Common Questions (FAQ)
1. Why use directlysliceFilter extracts Chinese characters and produces garbled characters?Answer: In the Anqi CMS templatesliceThe filter is set to extract by defaultbytesPerforming the cut.Since a Chinese character is usually composed of multiple bytes (for example, it is usually 3 bytes in UTF-8 encoding), directly cutting by bytes may cut off the byte sequence of a Chinese character, causing the browser to be unable to parse it correctly and thus displaying garbled text or incomplete characters.
2. This combined extraction method(make_list|slice|join) will affect website performance?答:Compared to directsliceOperation, this combination method indeed adds some processing steps (converting a string to an array, and then back to a string).For most conventional string lengths (tens to hundreds of characters), this additional performance overhead is usually very small and can be ignored almost.If your website needs to handle the truncation of a large number of extremely long strings and has extreme performance requirements, consider preprocessing the content when storing or generating it to lighten the burden of template rendering.
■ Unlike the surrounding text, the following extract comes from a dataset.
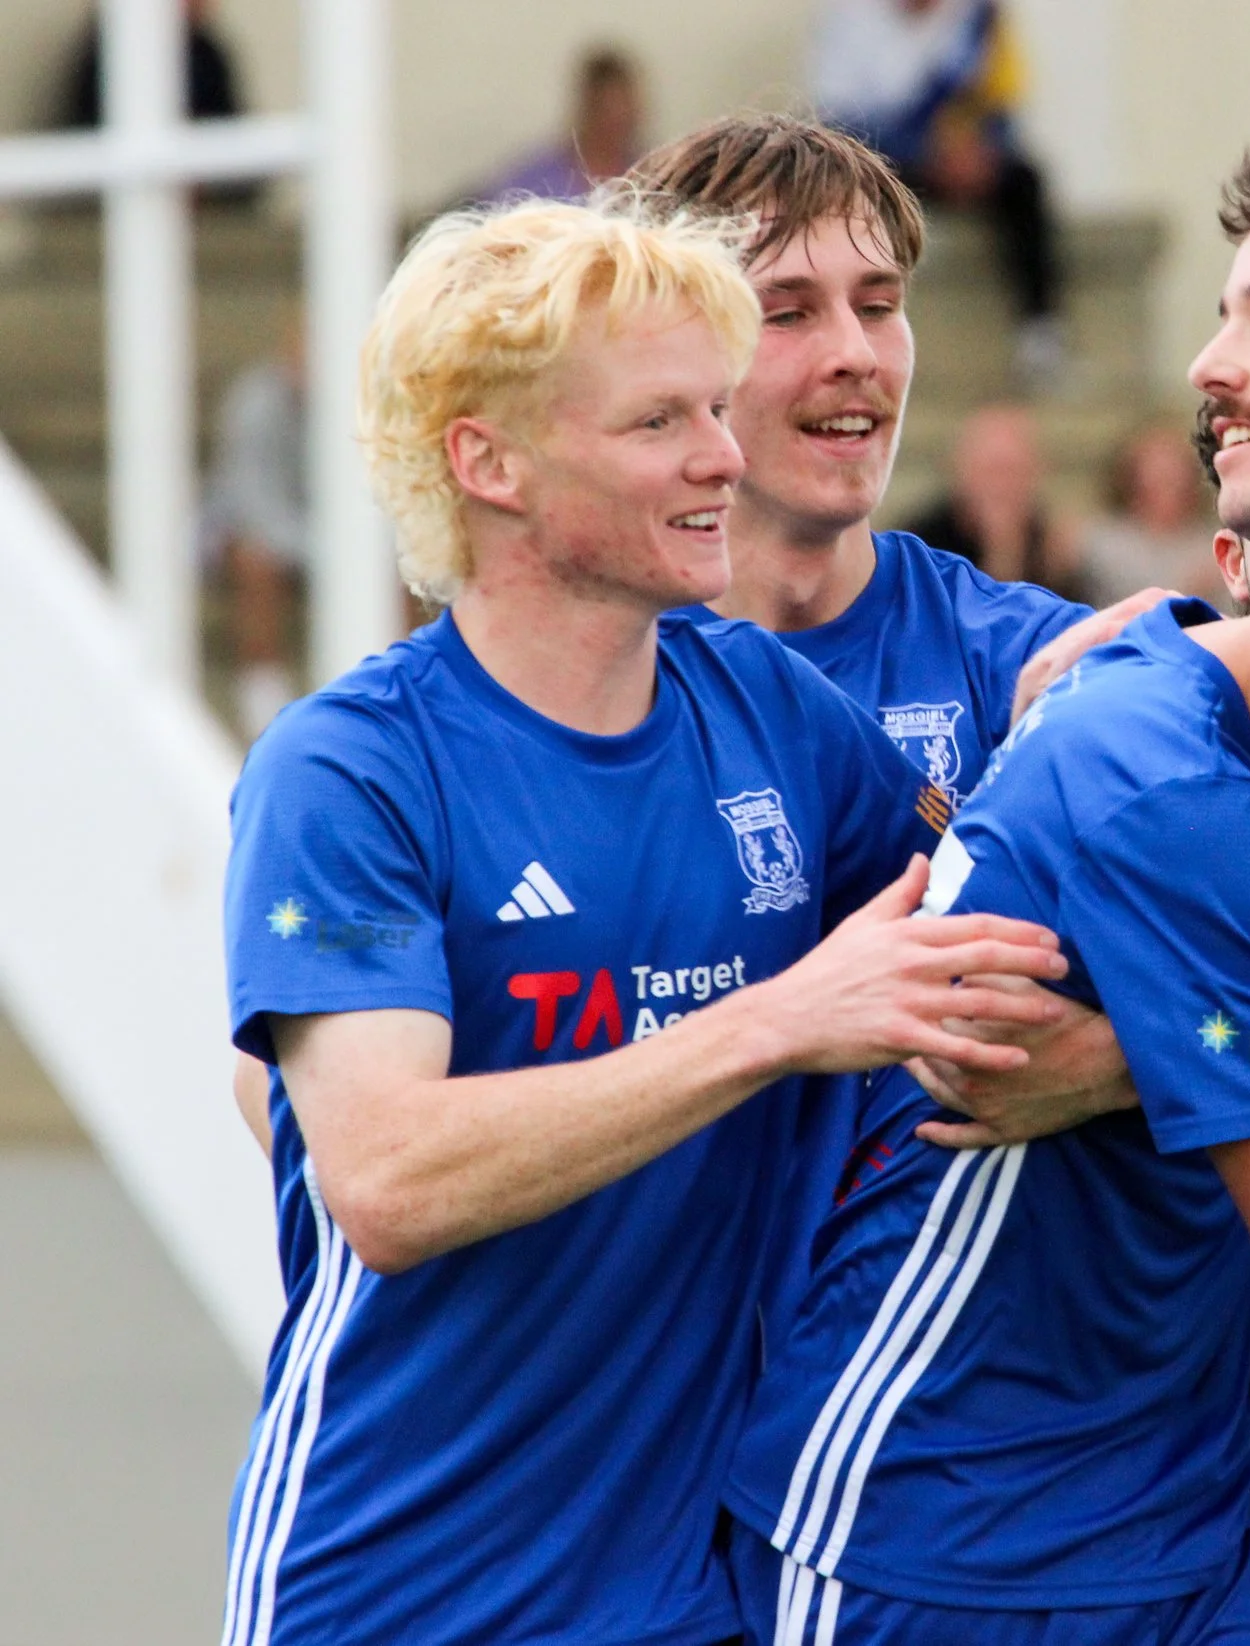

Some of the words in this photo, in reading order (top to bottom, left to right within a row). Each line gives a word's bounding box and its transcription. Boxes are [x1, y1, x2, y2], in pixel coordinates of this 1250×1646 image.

[885, 709, 949, 726] MOSGIEL
[631, 955, 746, 1001] Target
[507, 967, 624, 1051] TA
3. BesidessliceFilters, does the Secure CMS also have other filters for extracting strings?答:Yes, AnQi CMS also providestruncatecharsandtruncatewordsFilter.
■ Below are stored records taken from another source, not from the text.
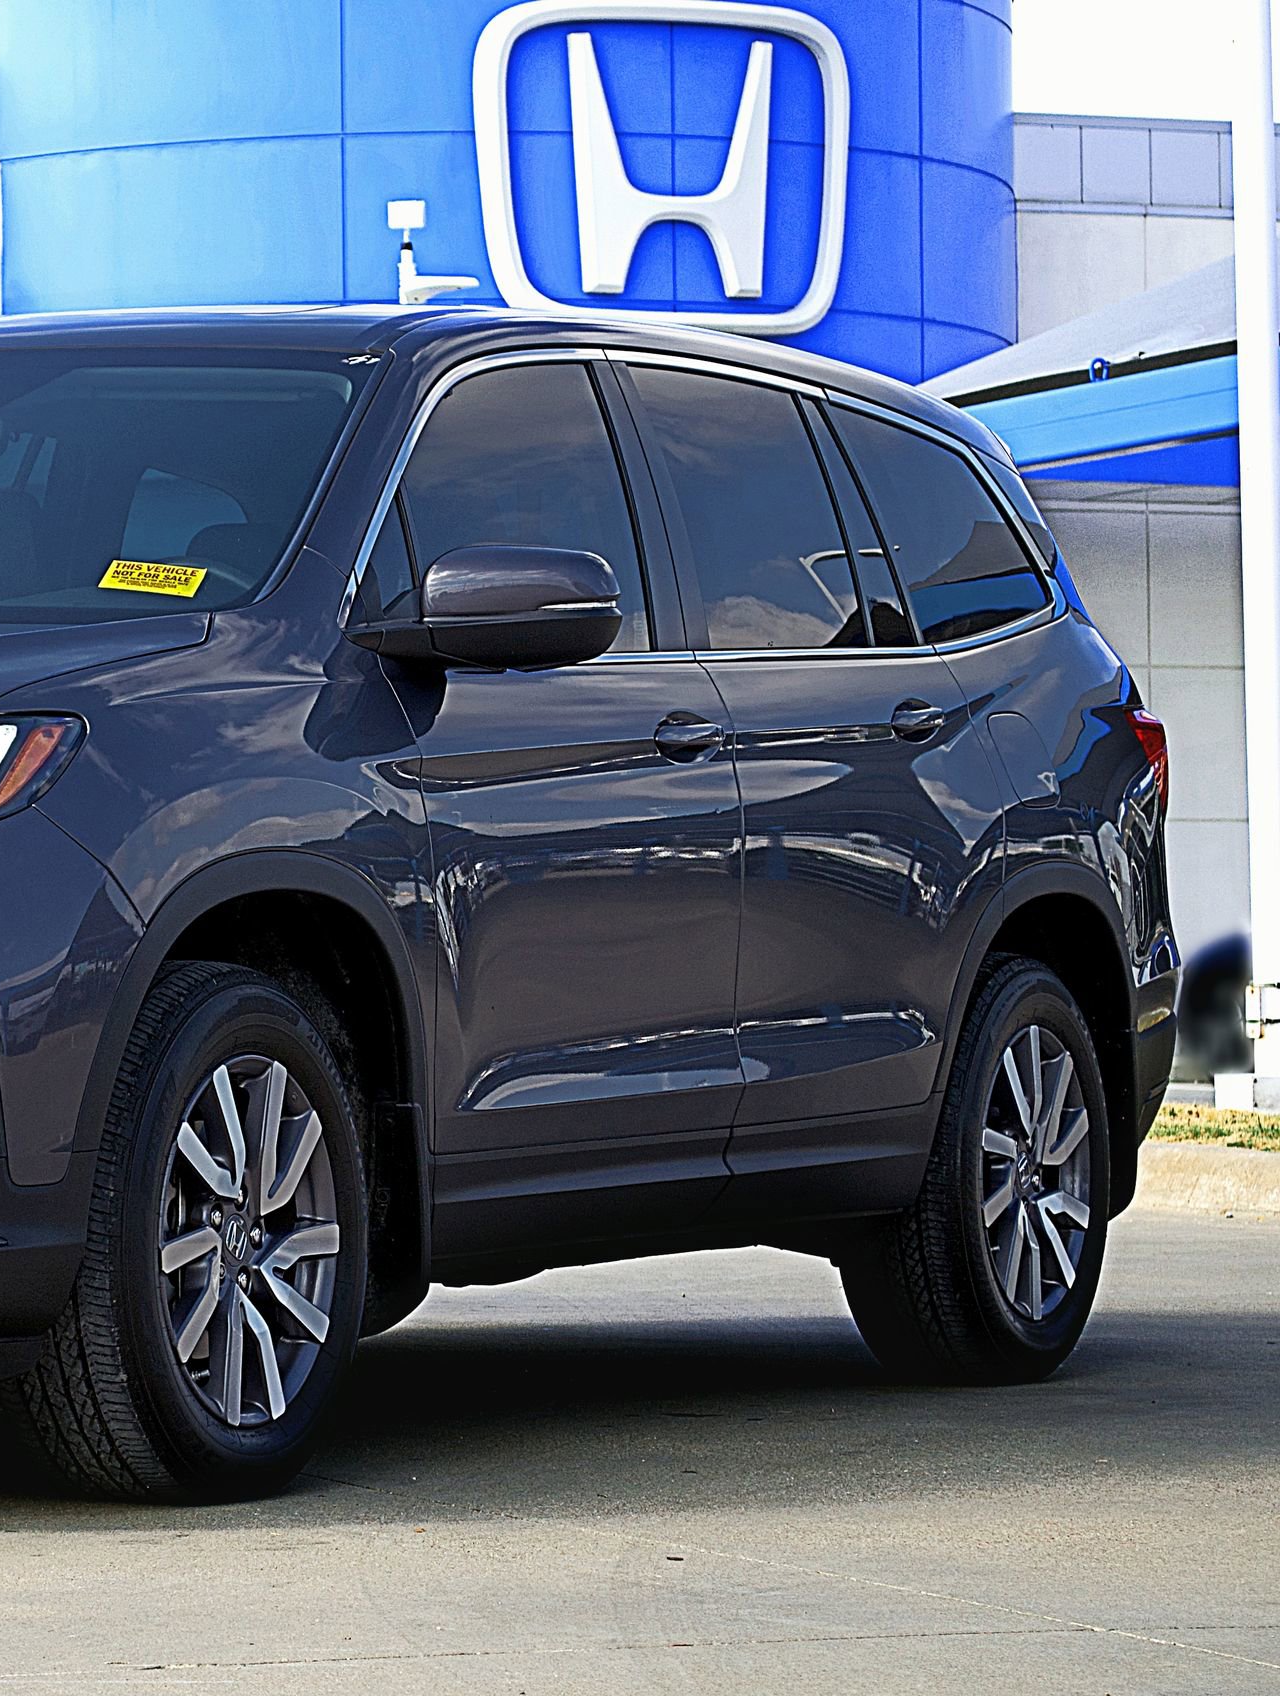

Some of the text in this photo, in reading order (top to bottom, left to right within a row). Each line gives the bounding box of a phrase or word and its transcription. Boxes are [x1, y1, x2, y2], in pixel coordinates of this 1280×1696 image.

[113, 569, 135, 577] NOT
[138, 572, 160, 580] FOR
[163, 574, 192, 583] SALE
[116, 562, 199, 577] THIS VEHICLE
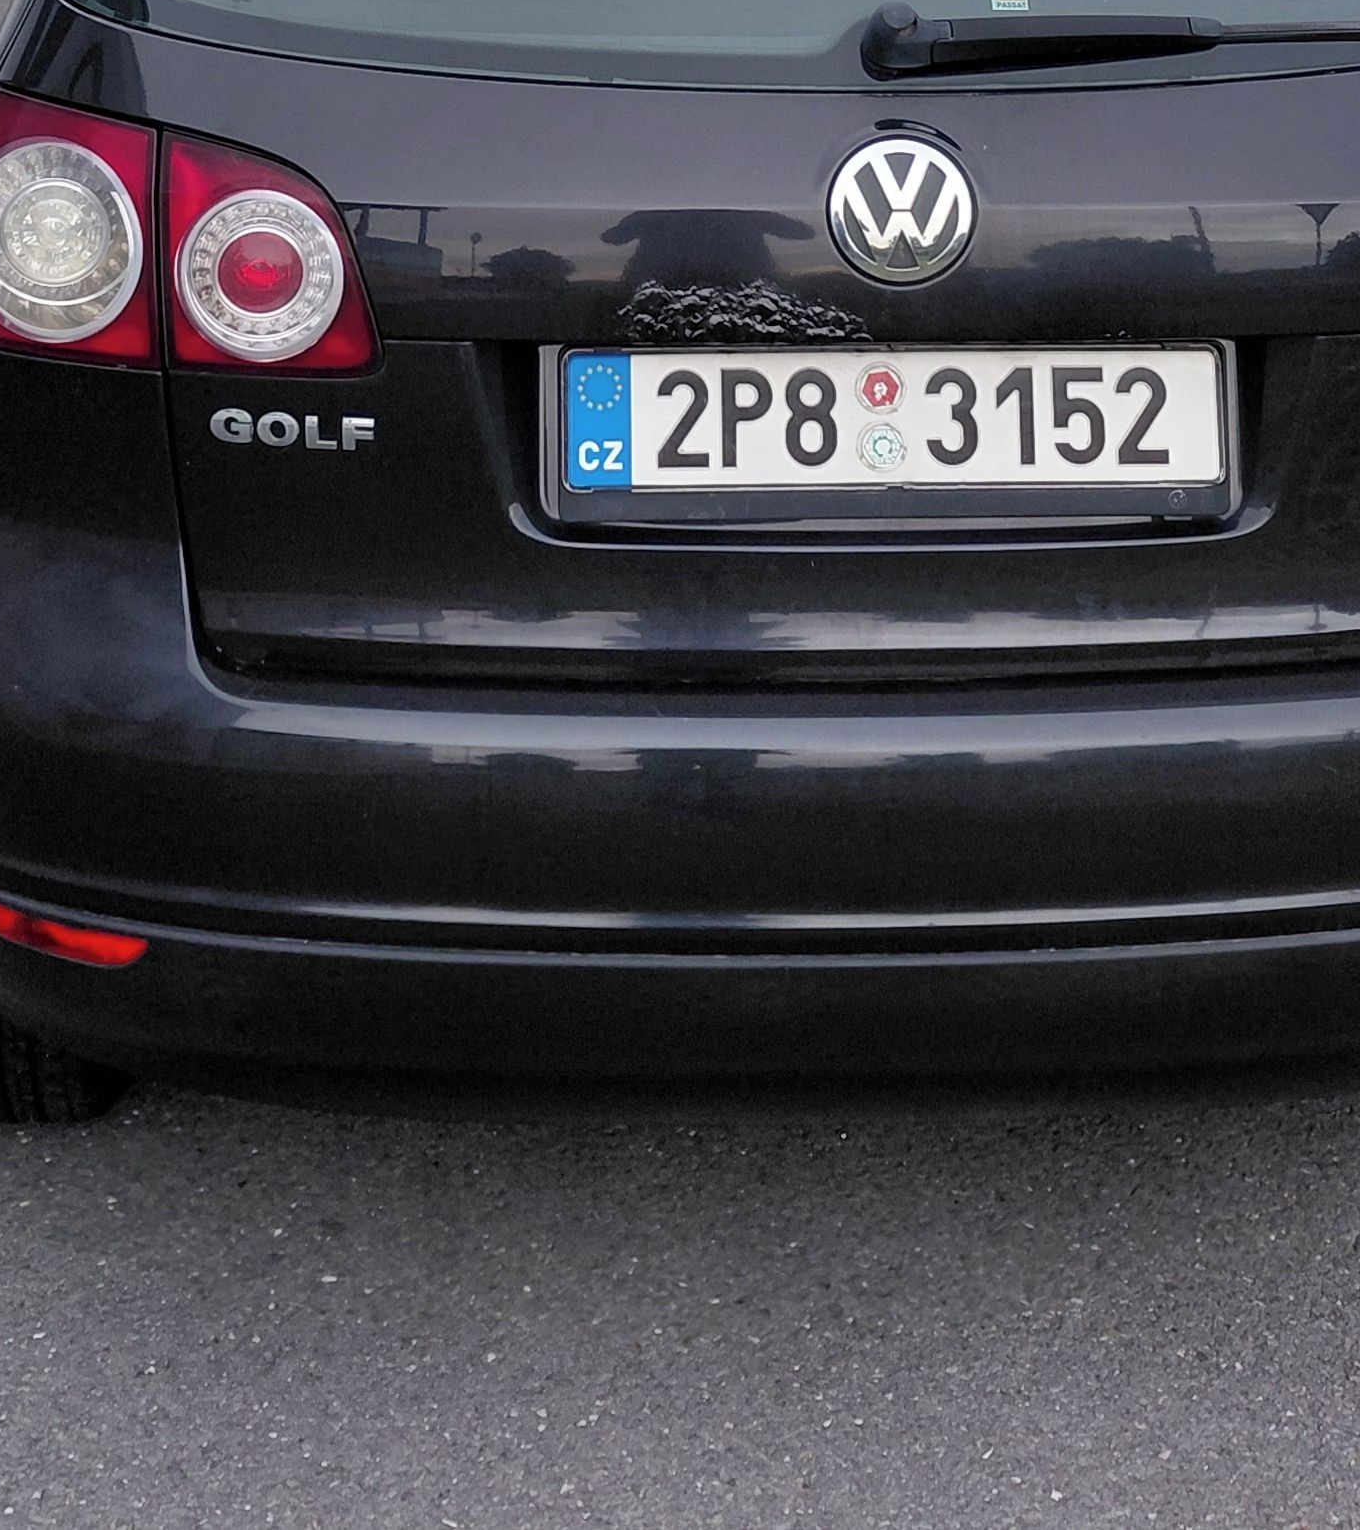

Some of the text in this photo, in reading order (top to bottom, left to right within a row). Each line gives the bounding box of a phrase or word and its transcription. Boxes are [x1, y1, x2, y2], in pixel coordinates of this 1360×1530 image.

[210, 408, 375, 451] GOLF
[655, 367, 1171, 469] 2P8 3152
[578, 441, 624, 471] CZ
truncatechars: Truncate strings by character count and add an ellipsis at the end...It can already handle Chinese characters correctly.truncatewords: Cut the string by word count and add an ellipsis at the end...This filter is more suitable for processing English content because it uses spaces as word separators and is not applicable to Chinese. When your need is to truncate and automatically add ellipses,truncatecharsIt will be a more concise and convenient choice.